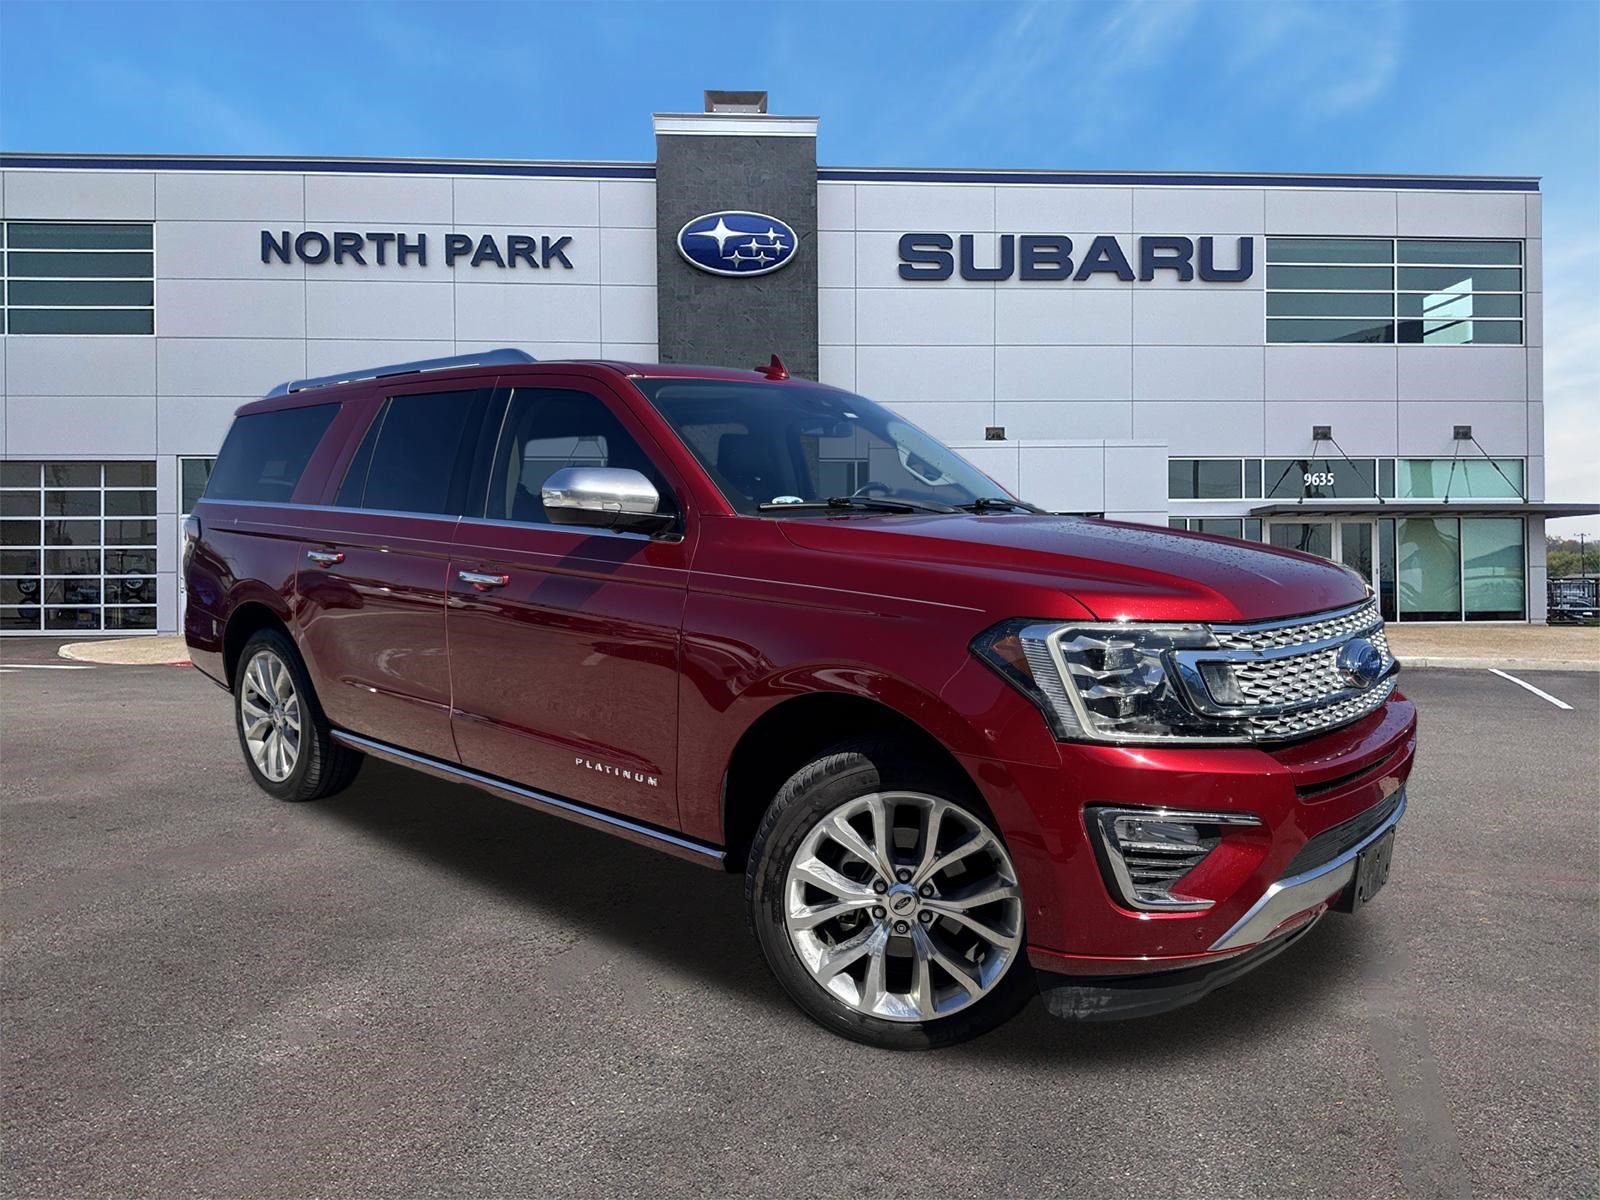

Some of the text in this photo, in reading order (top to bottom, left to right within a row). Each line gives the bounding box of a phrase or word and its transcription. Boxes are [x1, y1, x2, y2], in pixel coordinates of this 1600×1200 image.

[260, 230, 574, 269] NORTH PARK
[898, 232, 1254, 282] SUBARU
[1303, 472, 1335, 486] 9635
[575, 757, 658, 787] PLATINUM
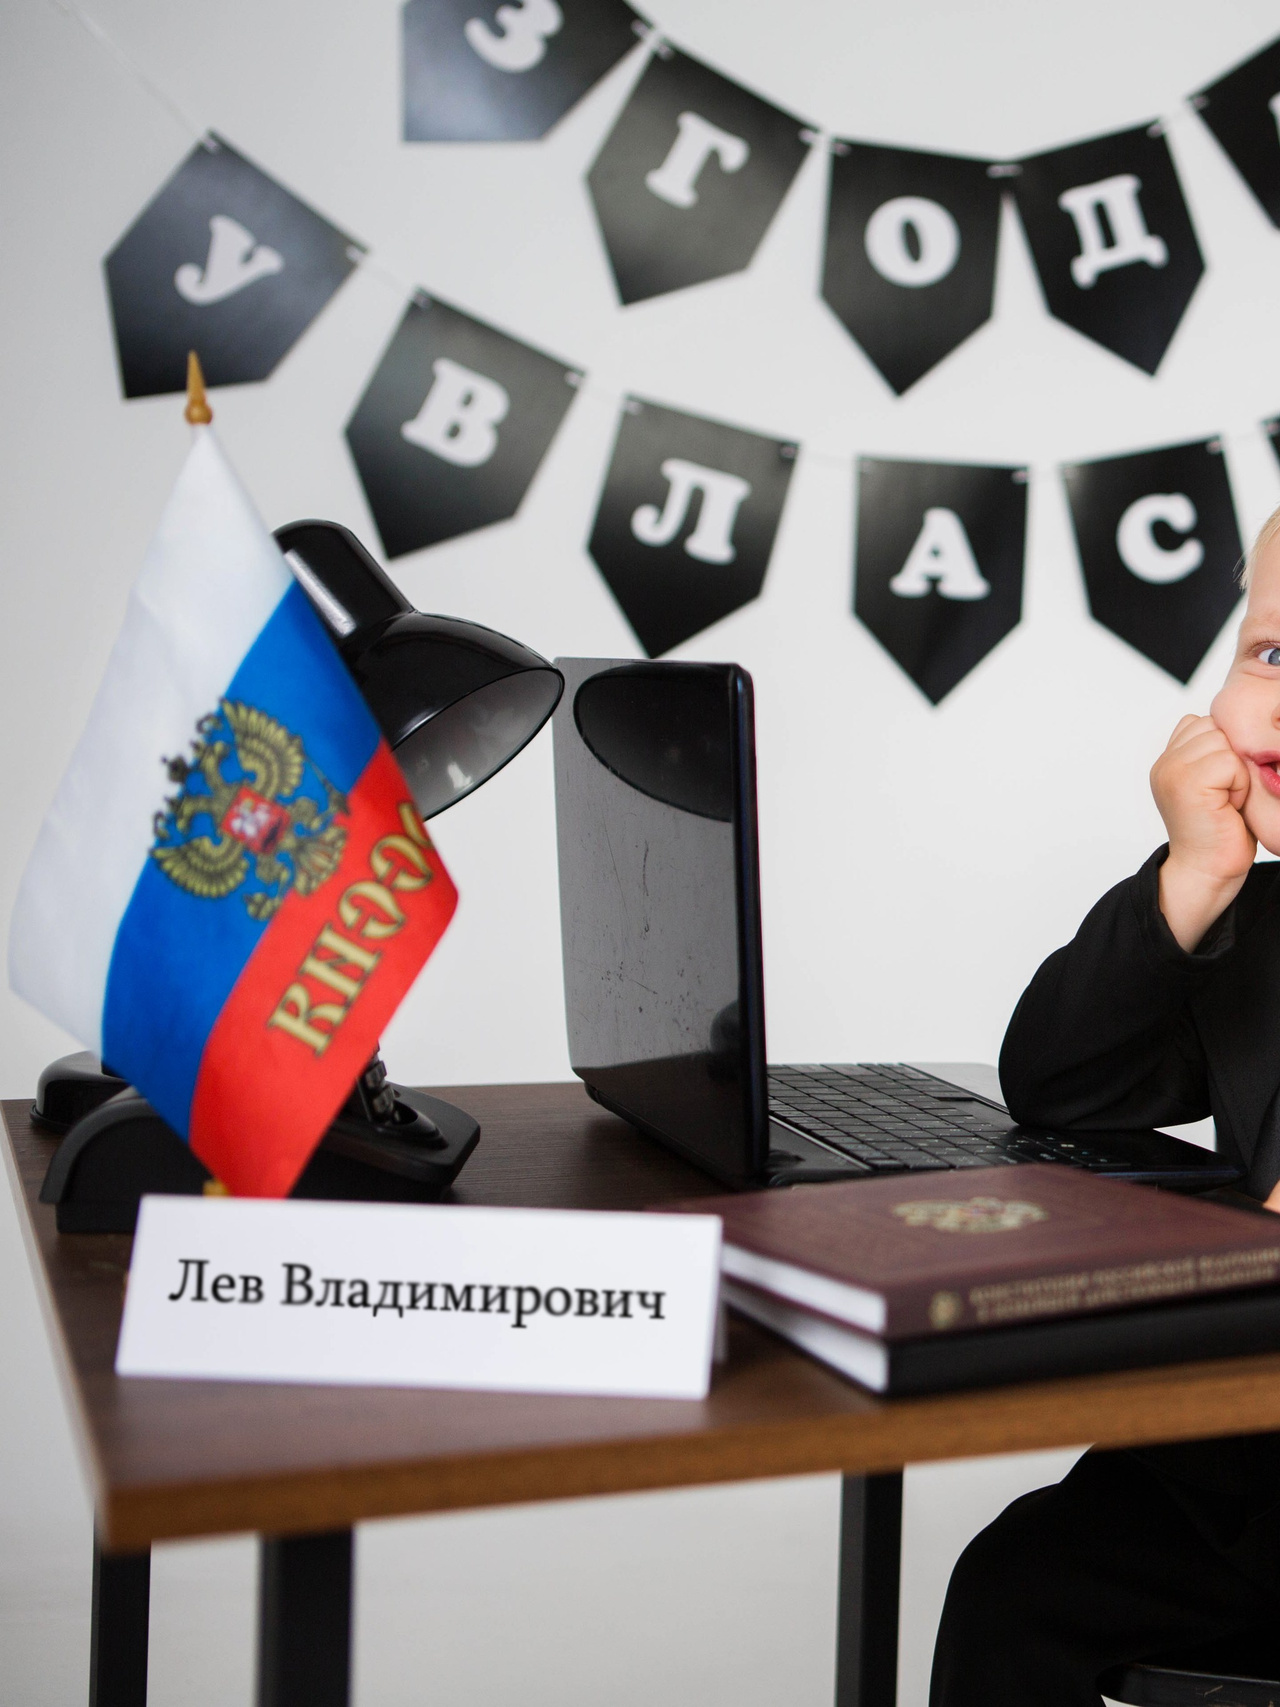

- - -

Exercise directions. The answer must be an exact copy of the records above, with the pictures left out.

Exercise answer.
Some of the text in this photo, in reading order (top to bottom, left to right within a row). Each line gives the bounding box of a phrase or word and its transcription. Boxes are [x1, y1, x2, y2], in pixel coordinates of this 1600×1200 image.

[260, 230, 574, 269] NORTH PARK
[898, 232, 1254, 282] SUBARU
[1303, 472, 1335, 486] 9635
[575, 757, 658, 787] PLATINUM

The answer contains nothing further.